§ EXERCISE
An exact copy of every record is needed, with all pictures omitted.
════════════════════
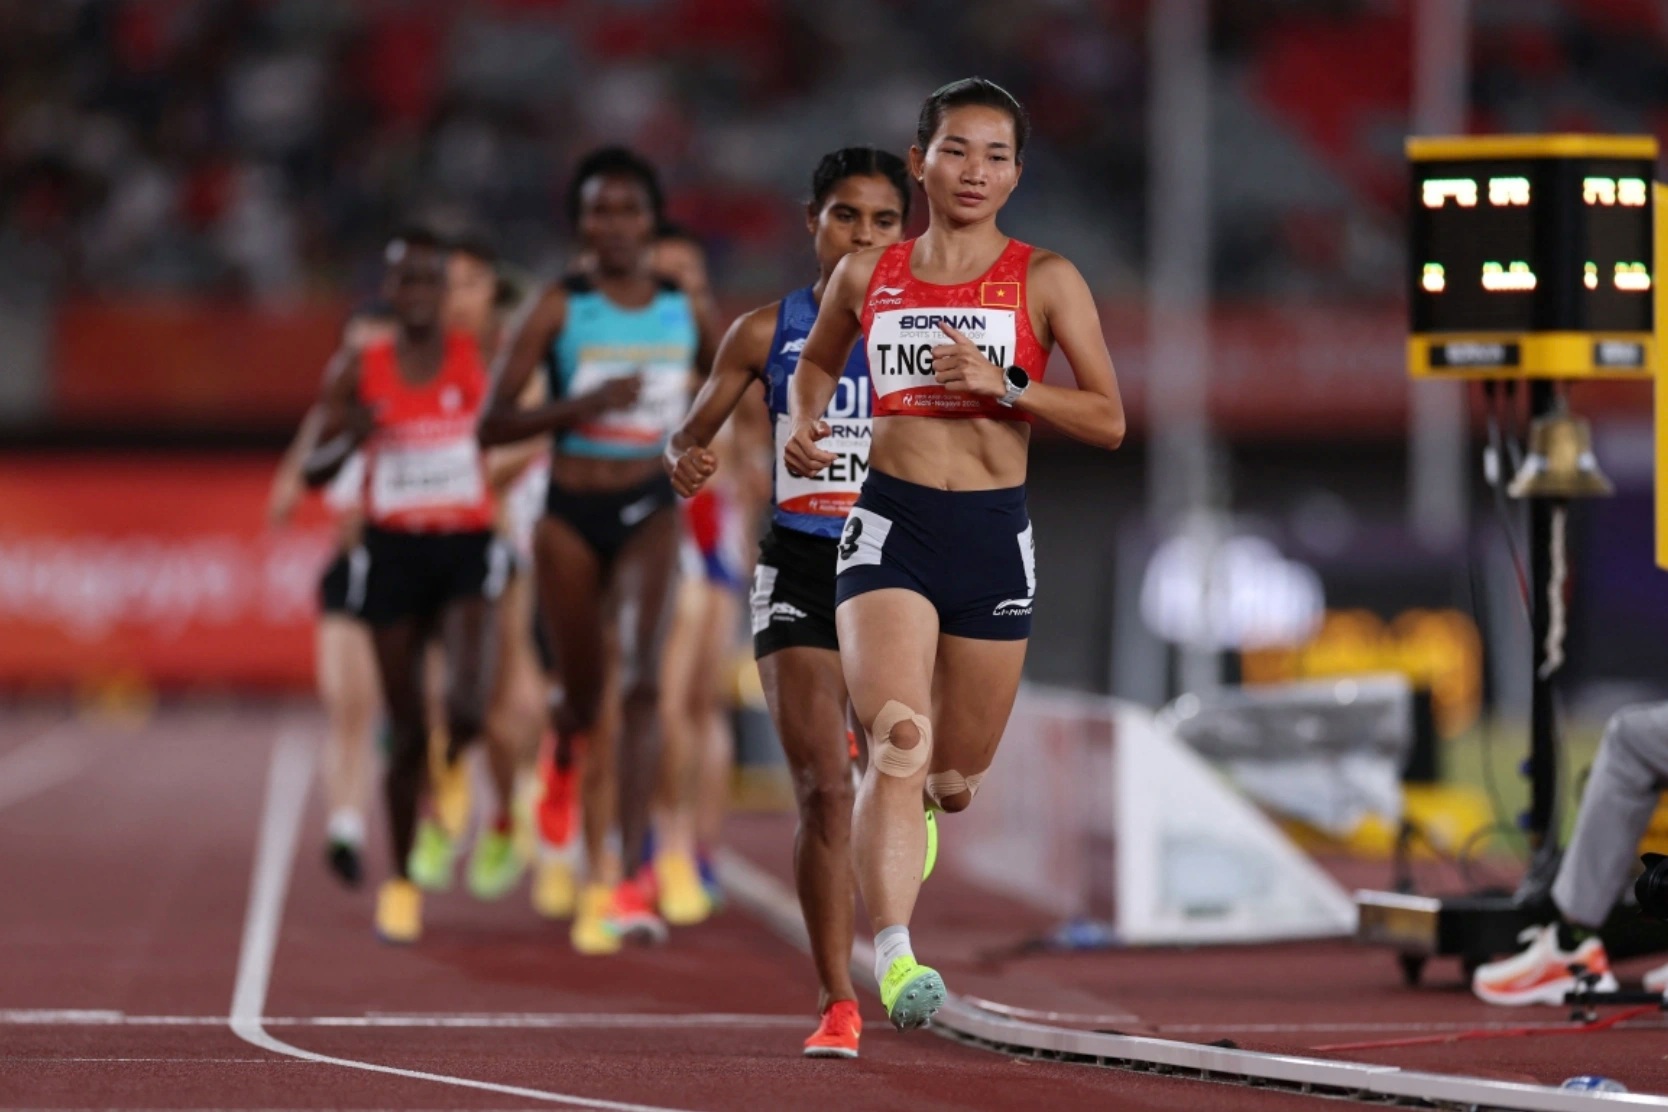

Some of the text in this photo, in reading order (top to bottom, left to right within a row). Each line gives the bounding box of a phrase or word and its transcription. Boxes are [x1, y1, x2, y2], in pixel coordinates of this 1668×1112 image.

[899, 315, 986, 330] BORNAN
[900, 331, 930, 339] SPORTS
[877, 344, 1005, 375] T.NGN
[839, 516, 863, 560] 3
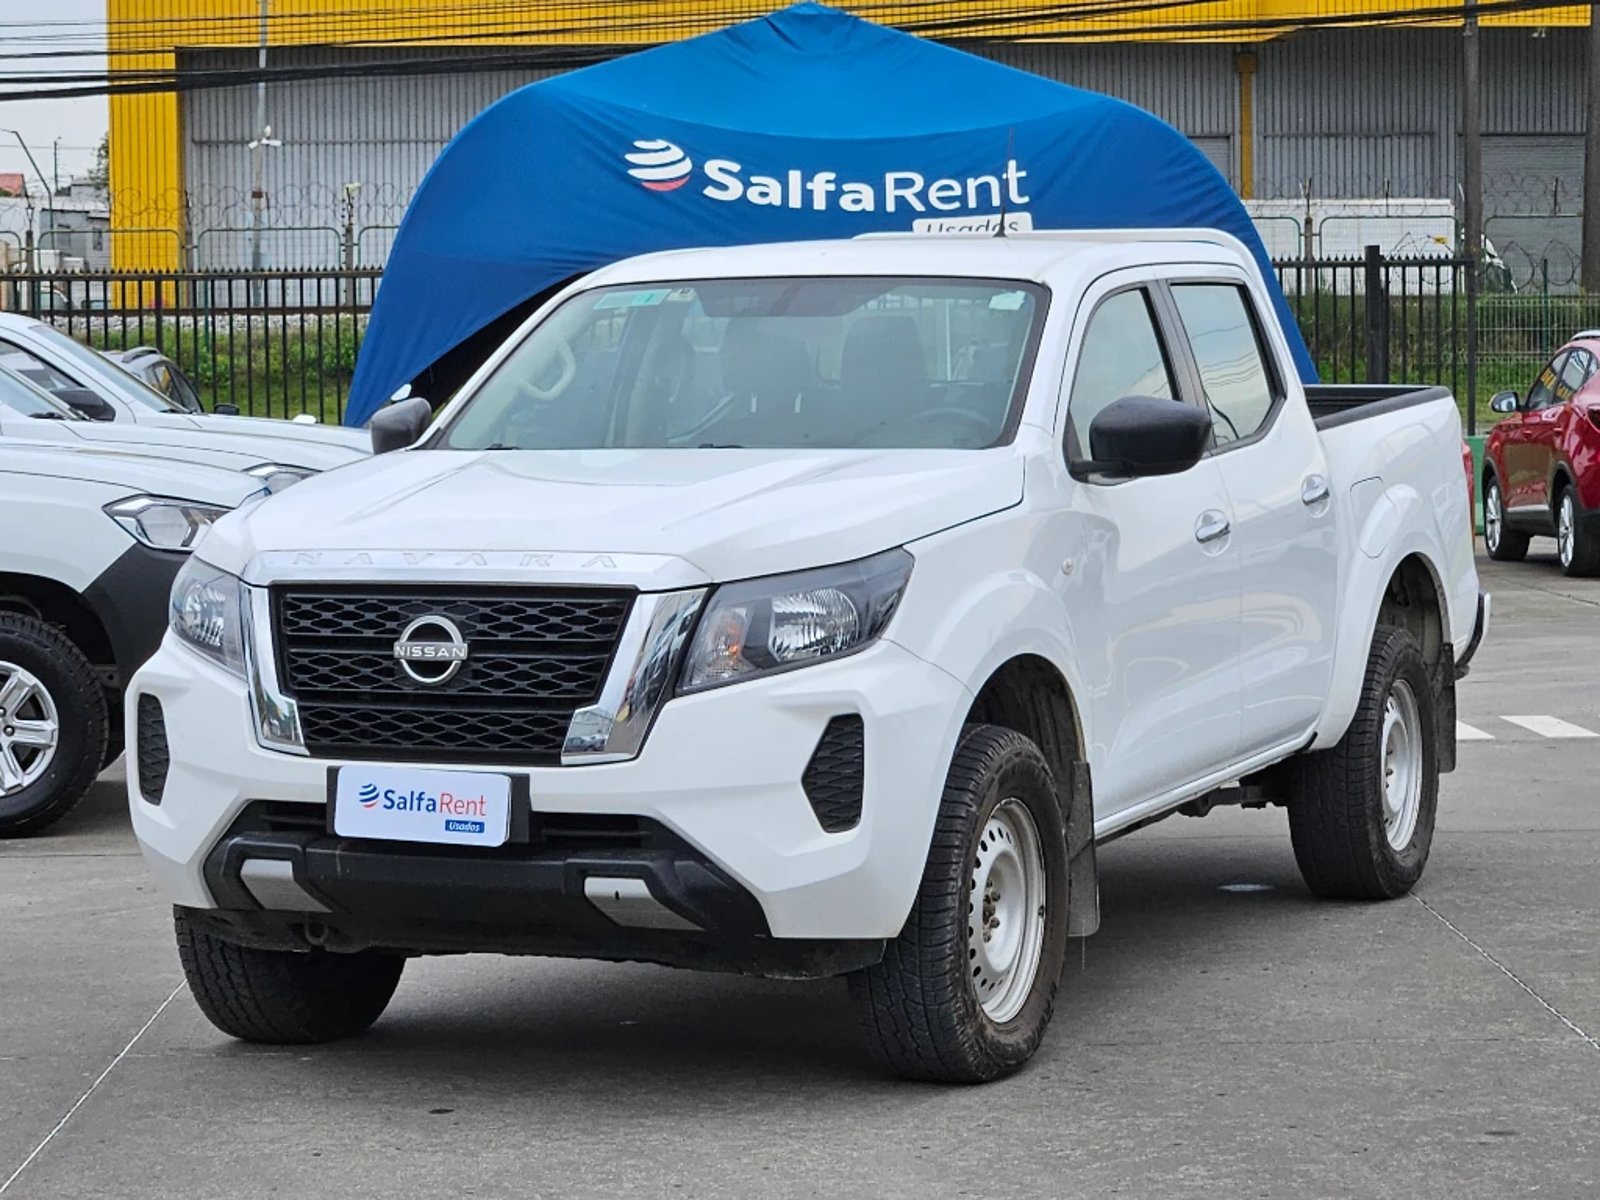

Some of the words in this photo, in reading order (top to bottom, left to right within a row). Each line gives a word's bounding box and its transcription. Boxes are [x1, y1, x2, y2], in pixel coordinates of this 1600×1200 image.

[703, 159, 1030, 212] SalfaRent
[292, 551, 619, 569] NAVARA
[395, 646, 465, 657] NISSAN
[382, 788, 487, 816] SalfaRent
[449, 821, 481, 831] Usados
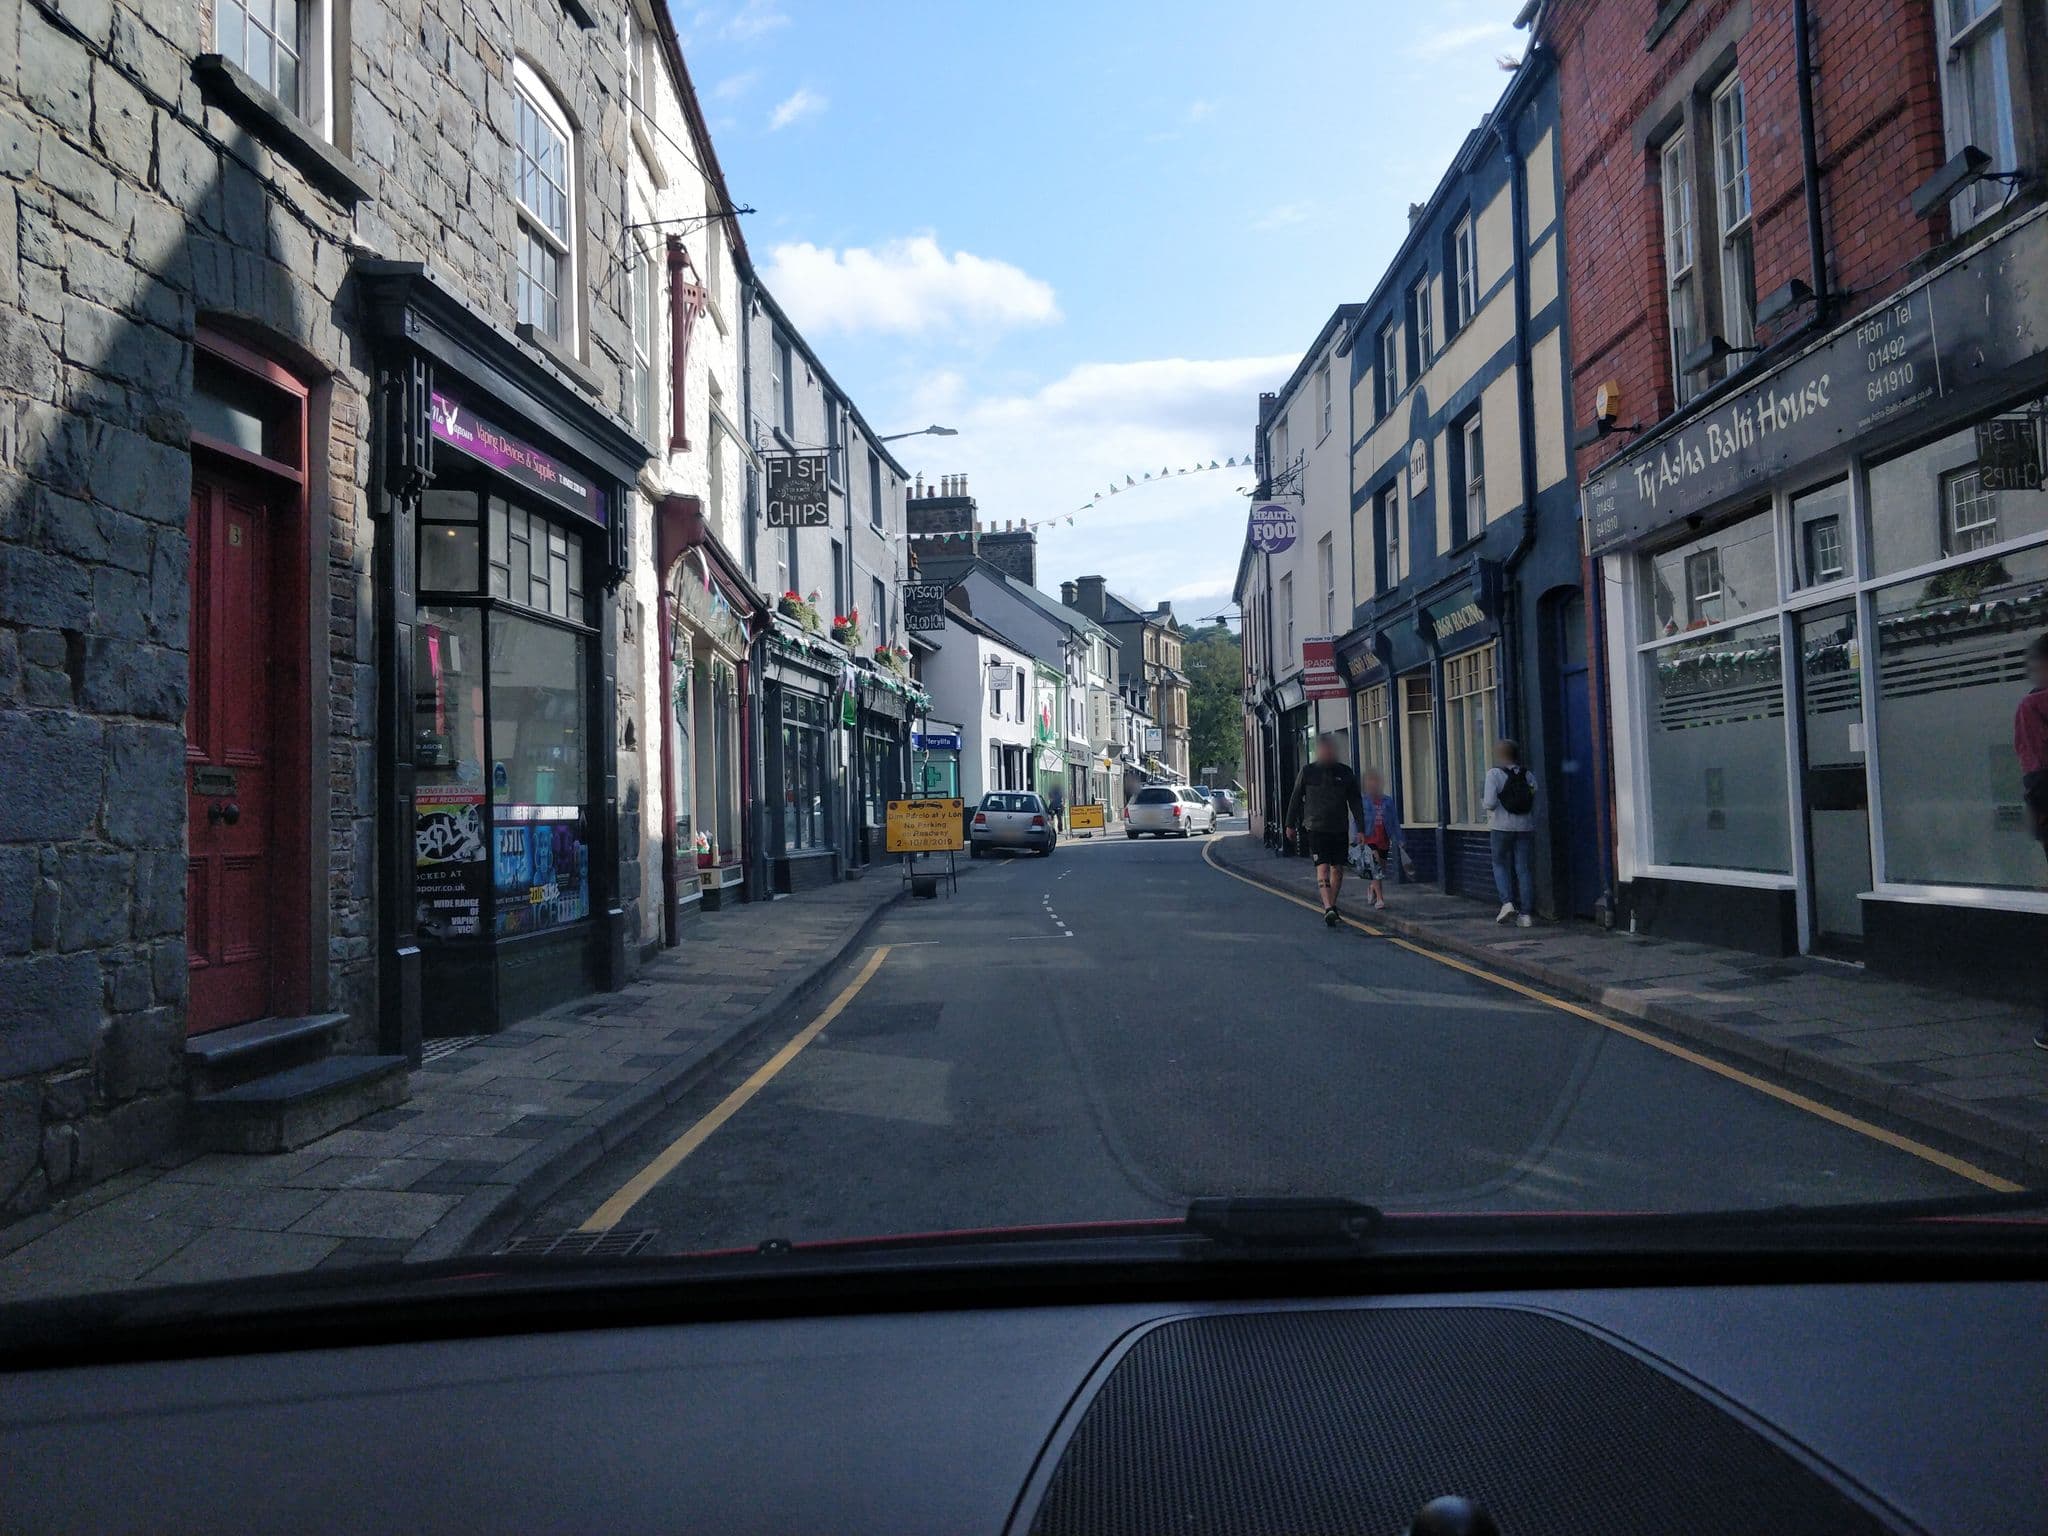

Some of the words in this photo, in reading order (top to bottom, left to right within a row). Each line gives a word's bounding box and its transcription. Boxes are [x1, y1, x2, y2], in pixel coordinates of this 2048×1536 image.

[1857, 320, 1884, 349] Ffôn
[1894, 299, 1912, 328] Tel
[1868, 335, 1906, 372] 01492
[1868, 362, 1914, 402] 641910
[1659, 438, 1706, 492] Asha
[1706, 406, 1754, 464] Balti
[1757, 374, 1831, 438] House
[476, 421, 499, 454] Vaping
[500, 436, 525, 465] Devices
[526, 452, 532, 468] &
[533, 456, 557, 482] Supplies
[768, 458, 827, 491] FISH
[768, 501, 828, 525] CHIPS
[1254, 510, 1294, 521] HEALTH
[1253, 522, 1297, 541] FOOD
[1596, 515, 1618, 537] 641910
[903, 585, 943, 607] PYSGOD
[904, 613, 945, 630] SGLODION
[450, 870, 462, 878] AT
[433, 899, 454, 908] WIDE
[455, 898, 479, 907] RANGE
[470, 907, 479, 916] OF
════════════════════
§ OUTPUT
Some of the text in this photo, in reading order (top to bottom, left to right within a row). Each line gives the bounding box of a phrase or word and its transcription. Boxes are [x1, y1, x2, y2], in pixel coordinates of this 1668×1112 image.

[899, 315, 986, 330] BORNAN
[900, 331, 930, 339] SPORTS
[877, 344, 1005, 375] T.NGN
[839, 516, 863, 560] 3

Some of the words in this photo, in reading order (top to bottom, left to right within a row). Each line gives a word's bounding box and its transcription. Boxes are [x1, y1, x2, y2], in pixel coordinates of this 1600×1200 image.

[703, 159, 1030, 212] SalfaRent
[292, 551, 619, 569] NAVARA
[395, 646, 465, 657] NISSAN
[382, 788, 487, 816] SalfaRent
[449, 821, 481, 831] Usados

Some of the words in this photo, in reading order (top to bottom, left to right within a row). Each line gives a word's bounding box and its transcription. Boxes are [x1, y1, x2, y2], in pixel coordinates of this 2048×1536 image.

[1857, 320, 1884, 349] Ffôn
[1894, 299, 1912, 328] Tel
[1868, 335, 1906, 372] 01492
[1868, 362, 1914, 402] 641910
[1659, 438, 1706, 492] Asha
[1706, 406, 1754, 464] Balti
[1757, 374, 1831, 438] House
[476, 421, 499, 454] Vaping
[500, 436, 525, 465] Devices
[526, 452, 532, 468] &
[533, 456, 557, 482] Supplies
[768, 458, 827, 491] FISH
[768, 501, 828, 525] CHIPS
[1254, 510, 1294, 521] HEALTH
[1253, 522, 1297, 541] FOOD
[1596, 515, 1618, 537] 641910
[903, 585, 943, 607] PYSGOD
[904, 613, 945, 630] SGLODION
[450, 870, 462, 878] AT
[433, 899, 454, 908] WIDE
[455, 898, 479, 907] RANGE
[470, 907, 479, 916] OF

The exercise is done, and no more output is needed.